Naperville to collect $1.8M in new revenue in 2026 after utility tax billing error caught

Naperville will collect an additional $1.8 million in utility tax income next year now that a software system billing error has been found and corrected.

Naperville Finance Director Ray Munch said the problem was discovered this summer as city staff was preparing the tentative 2026 budget. In looking more closely into city finances for ways to close a potential $4 million shortfall, it was noticed that revenue from the city’s electric use tax wasn’t adding up.

A software issue caused about 3,000 commercial customers to be billed at the wrong rate from out of the city’s total of 60,000 electric customers.

Ray Munch is the city of Naperville’s finance director. (City of Naperville)

Municipal code allows for two electric use tax calculations: one for customers of the Naperville Electric Utility and the other for customers of other entities like ComEd.

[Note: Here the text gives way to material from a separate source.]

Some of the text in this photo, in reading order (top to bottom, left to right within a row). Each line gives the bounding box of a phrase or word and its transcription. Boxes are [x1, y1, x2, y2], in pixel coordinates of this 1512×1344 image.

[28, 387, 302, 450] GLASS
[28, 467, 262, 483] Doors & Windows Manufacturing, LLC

“The city of Naperville use tax is 5% of your electric charges and it’s the same for all customers of the (Naperville) electric utility,” said Munch, meaning that both commercial and residential customers pay the same percentage.

Customers who get their electricty from entities like ComEd are taxed under a “graduated rate that is slightly less than the 5% of gross receipts,” he said.

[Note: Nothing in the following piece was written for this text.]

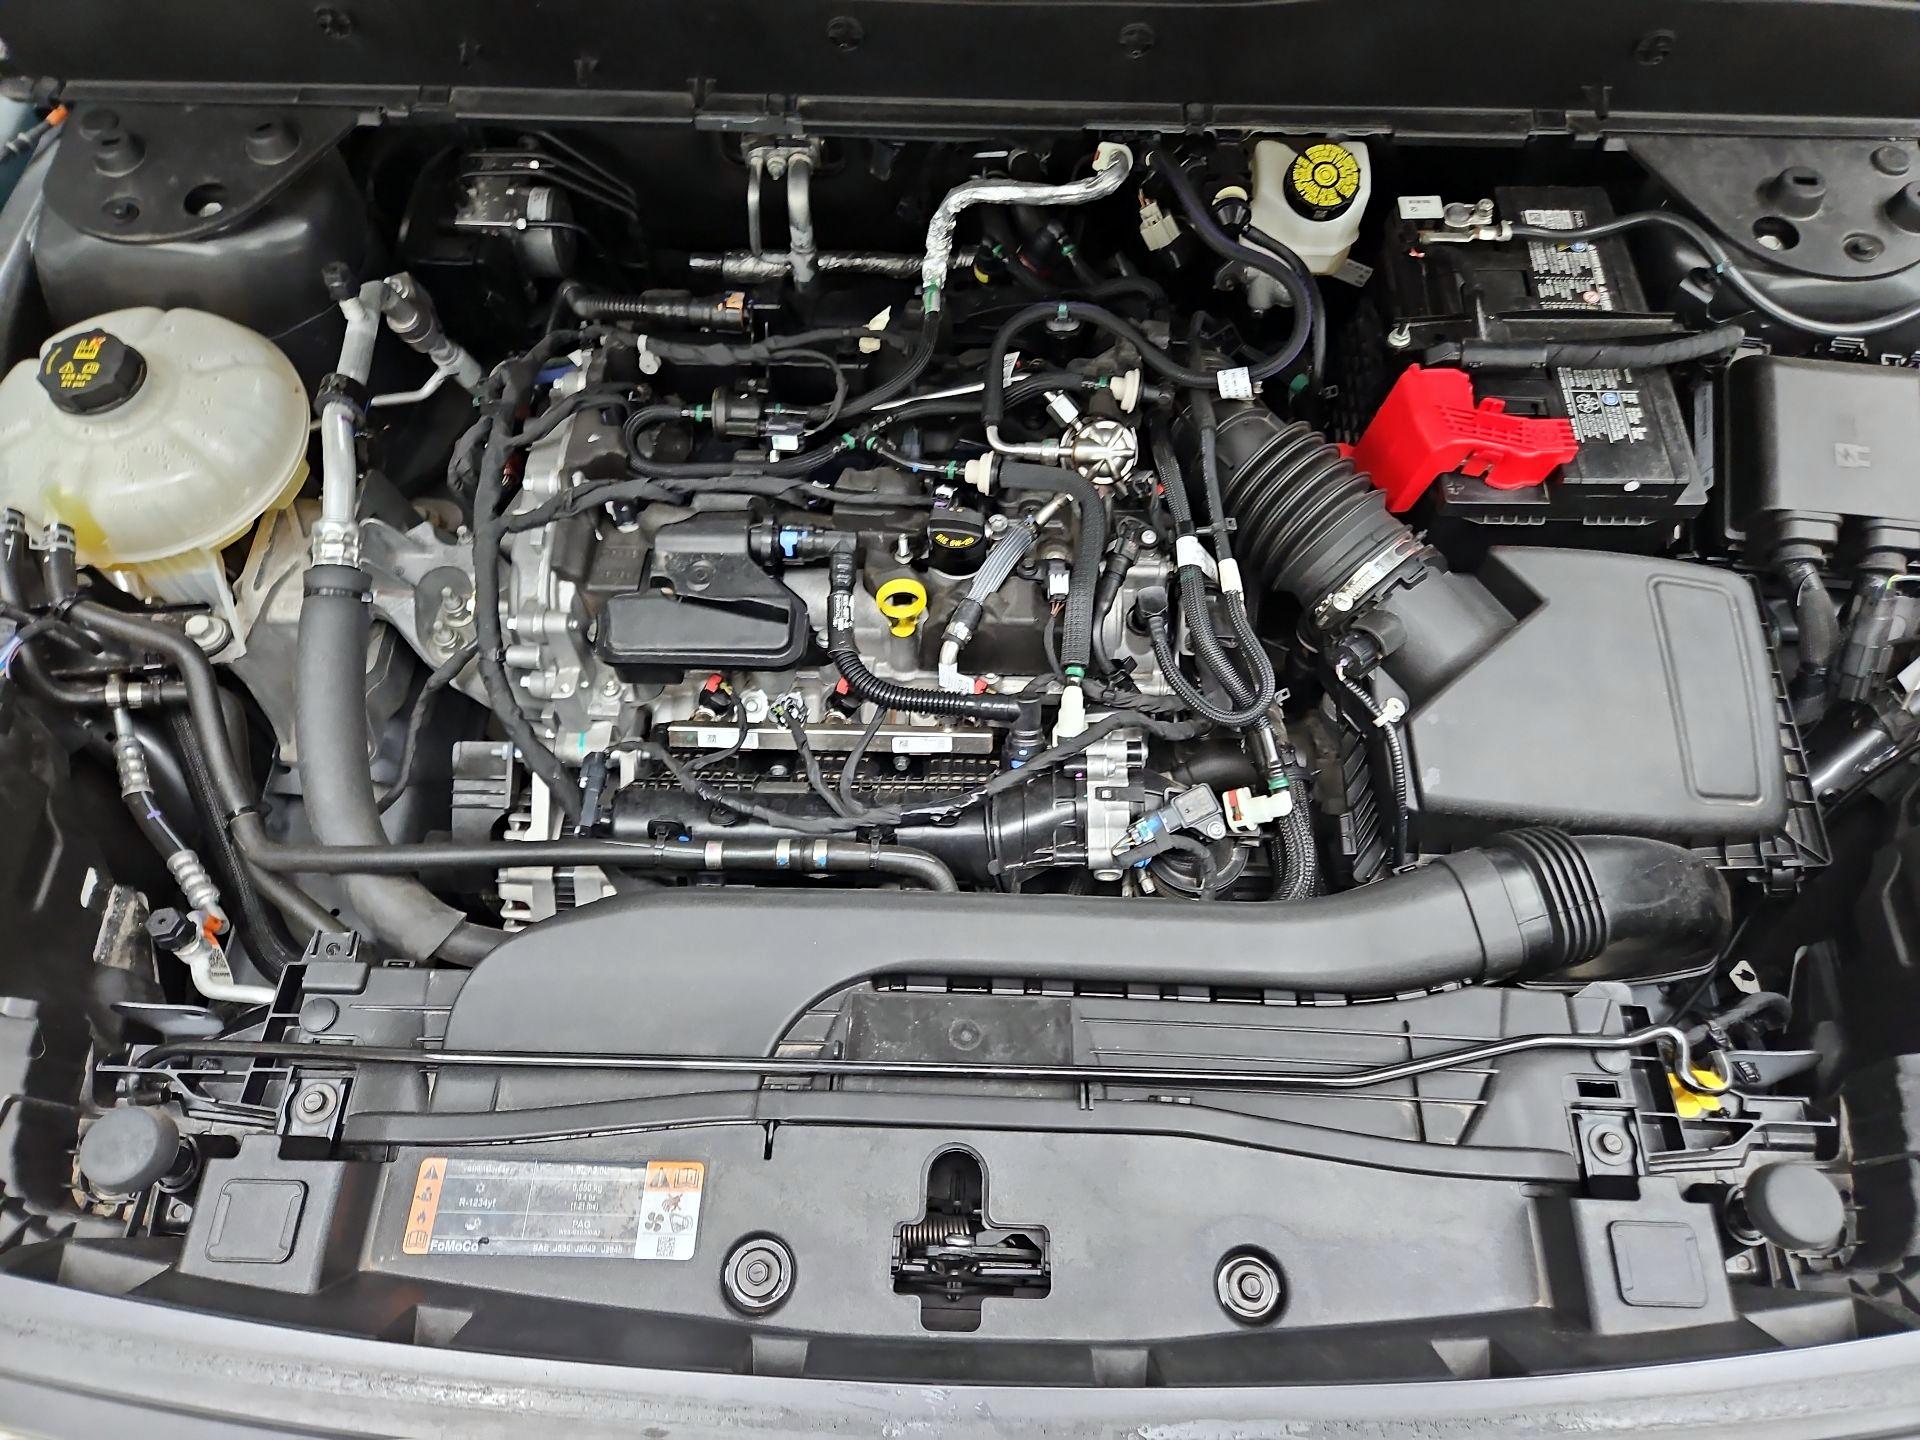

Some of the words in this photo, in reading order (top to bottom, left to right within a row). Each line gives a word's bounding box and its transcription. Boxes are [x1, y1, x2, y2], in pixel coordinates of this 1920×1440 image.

City staff initially noticed that the electric use tax the city was collecting each year was not 5% of gross receipts of the electric utility. An investigation determined that the software system was charging some customers the wrong rate, Munch said..

“Let’s say you open an account with the city, You would have to go in and select all of the billing lines that apply to the account,” he said. “And so you apply the commercial electric tax to this account. Well, all it was is that electric commercial tax was programmed according to that incorrect section of the municipal code.”

Munch did not know how long the mistake had been in place or how much money the city lost as a result of the error, but said at Tuesday’s budget meeting workshop that it’s likely been years and the total could be “quite significant.”

Affected customers were notified about the error in late August and the correction was made in the October.

Munch noted the city could have back-billed customers for up to two years but chose not to do so out of fairness.

“It was an error on the city’s side so to hold people responsible for that didn’t seem like the best practice,” he said. “The other thing about that is businesses move in and move out all the time and you couldn’t go back and capture that from an account that had been closed so you’d be back-billing some people and not others.”

When asked why the city did not catch the error sooner, Munch said that unlike some of the city’s other rates, which change every year and are set by an ordinance, these two taxes had been codified in the city’s municipal code for so long that “there hadn’t been a need to change it for many years.”

After the error was discovered, city staff examined other utilities and taxes to ensure everything in the billing system was correct, he said. No other errors were found.

Third-party auditors also check the city’s financial records every year, but Munch said they’re typically looking for “things more along the lines of fraud.”

“A financial audit wouldn’t necessarily catch the fact that a tax wasn’t being calculated properly in a billing system,” he said. “It would potentially catch if we were taxing one customer and not another, giving somebody preferential treatment, something like that. But if the calculation was incorrect in a system, it wouldn’t necessarily capture that because there was no ill intent.”